Und dennoch: "Das Objekt ist bedeutend für die Geschichte der Menschen als Zeugnis für den Ausbau der Stadt Bonn zur provisorischen Hauptstadt in der Nachkriegszeit Deutschlands." So begründen die Denkmalschützer ihre Entscheidung, das Haus unter Schutz zu stellen. Denn hier wohnten nicht Otto Normalverbraucher plus Anhang, sondern Willy Brandt mit seiner Familie. Und zuvor zahlreiche Bundespolitiker. In den nächsten Tagen beginnen dort die gut ein Jahr dauernden Bauarbeiten, wobei die Villa in ihren wesentlichen Teilen erhalten bleibt.

Zehn Jahre lang stand das Anwesen leer, ehe die zuständige Bundesanstalt für Immobilienaufgaben einen Käufer fand - die Westdeutsche Immobiliengesellschaft (ImWest). "Wir fühlen uns als Prinzen, die das Dornröschen-Objekt wachküsst", sagte Cornelius von Ingersleben von ImWest am Mittwoch bei einer Besichtigung des 70 Jahre alten Baus, den der Bonner Architekt Wilhelm Denninger seinerzeit für den Kaufmann Heinz Blömer erstellte.

Nach den Plänen des Architekten Thilo Krense und in Abstimmung mit der Denkmalschutzbehörde wird die Villa quasi zu zwei Reihenhäusern umgebaut. Der angrenzende, nachträglich angebaute Küchentrakt wird zugunsten von zwei Wohnhäusern abgerissen. Und rechts von der Villa entstehen drei Einfamilienhäuser, die "dem Purismus der dreißiger Jahre angepasst sind", sagt Klaus Völkle von der Corpus Sireo GmbH, die das Areal vermarktet.

Erhalten bleibt auch das Teehaus im rückwärtigen Teil des 11 000 Quadratmeter großen Grundstücks, in das sich Brandt häufiger mit seinem engen Mitarbeiter Günter Guillaume zurückgezogen hatte - also mit jenem Mann, der als Spion entlarvt wurde und Brandts Rücktritt auslöste.

Das Land NRW hatte die Villa 1952 für umgerechnet 80 000 Euro erworben und stellte sie dem damaligen SPD-Bundesvorsitzenden Kurt Schumacher zur Verfügung.

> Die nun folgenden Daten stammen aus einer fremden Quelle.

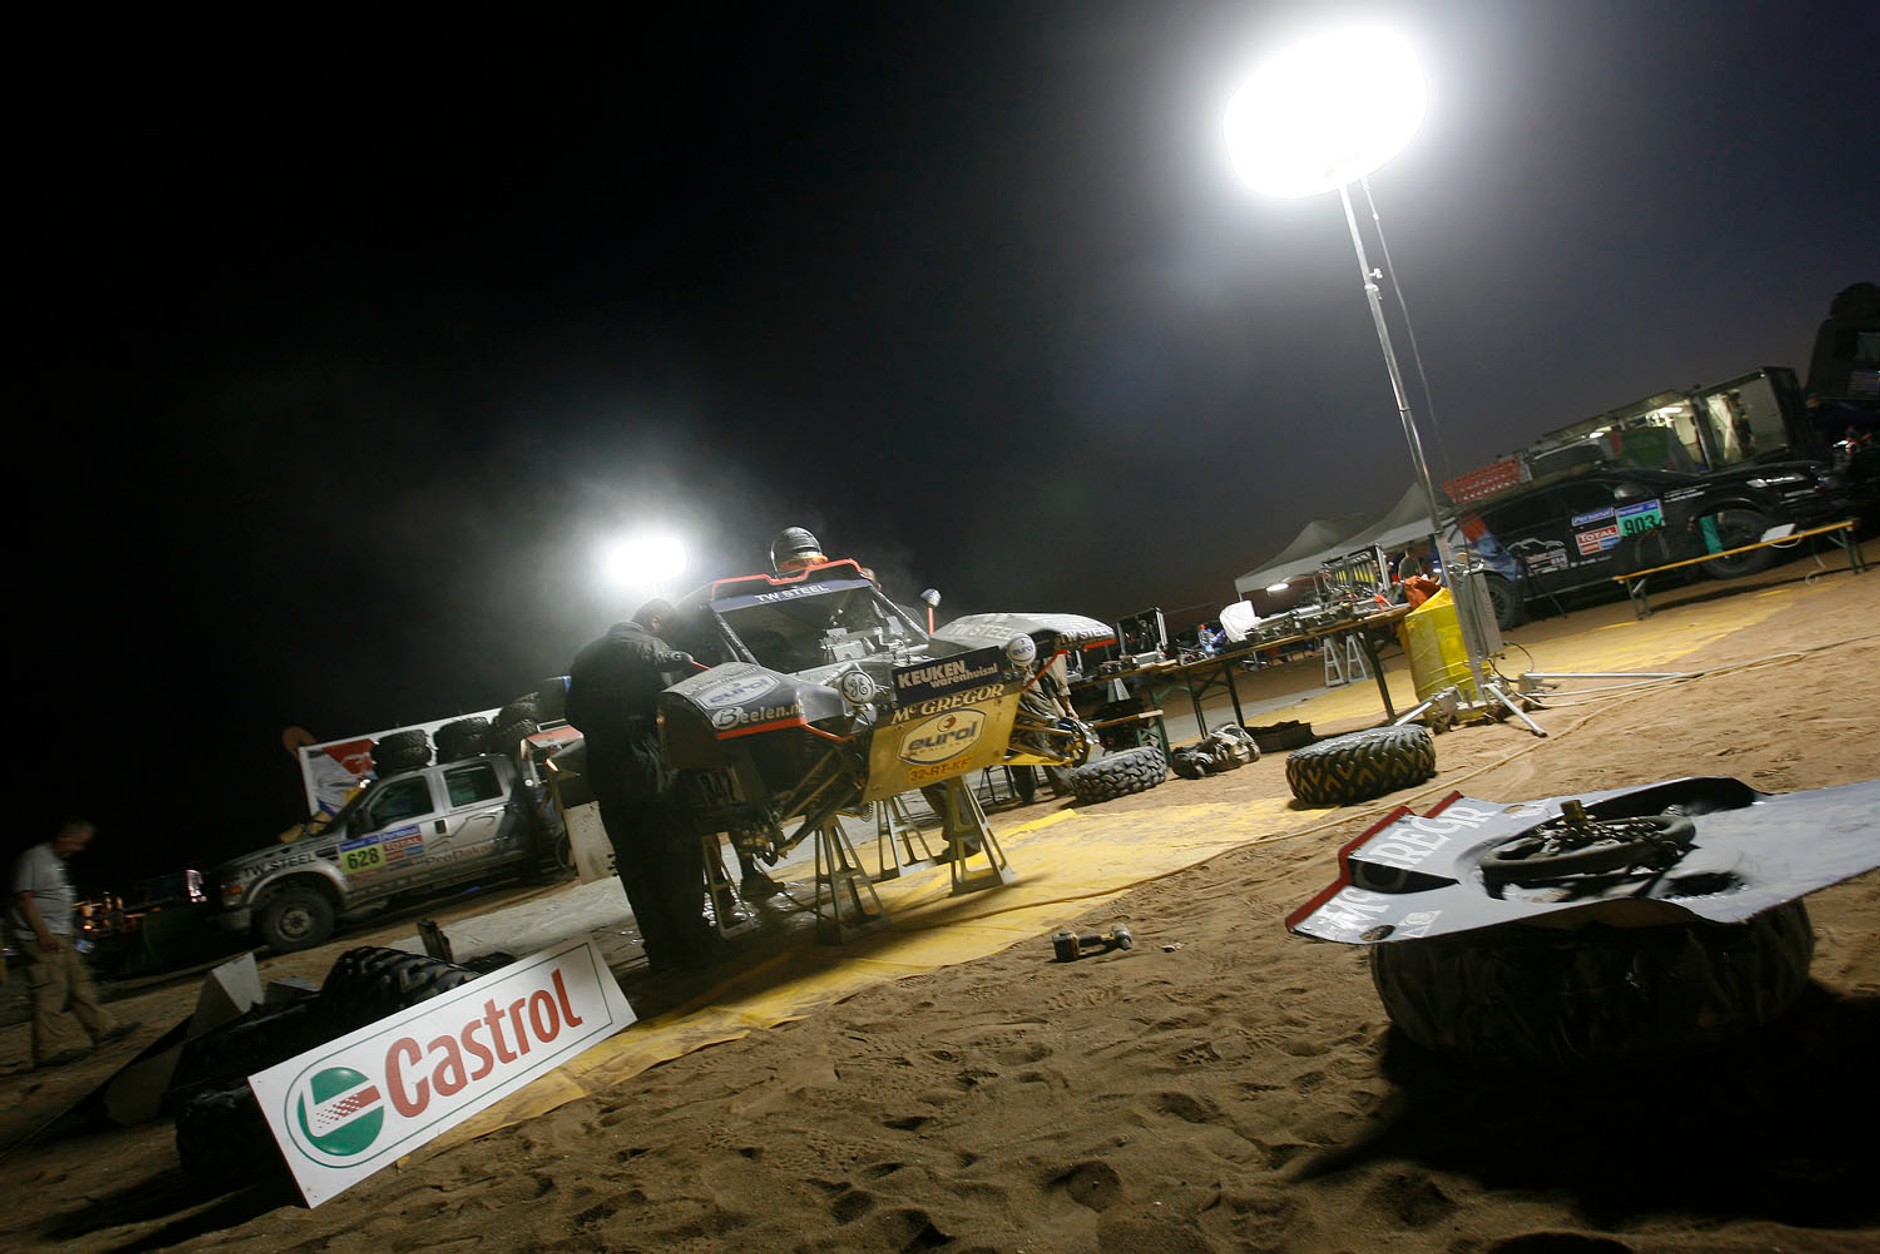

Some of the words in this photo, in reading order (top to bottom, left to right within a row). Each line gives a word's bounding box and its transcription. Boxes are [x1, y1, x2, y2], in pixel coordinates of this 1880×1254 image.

Sechs Jahre später ging das Anwesen in den Besitz des Auswärtigen Amtes (AA) über. Zunächst zog Amtschef Heinrich von Brentano dort ein, später auch seine Amtsnachfolger Gerhard Schröder (nicht verwandt mit dem Ex-Kanzler) und Willy Brandt, der samt seiner Familie auch als Bundeskanzler am Kiefernweg wohnen blieb und dort Staatsgäste aus aller Welt empfing.

Nach seiner Amtszeit, 1974, wurde die Villa als AA-Gästehaus genutzt, ehe Regierungschef Gerhard Schröder im Herbst 1998 dort für einige Zeit wohnte. Seitdem stand sie leer.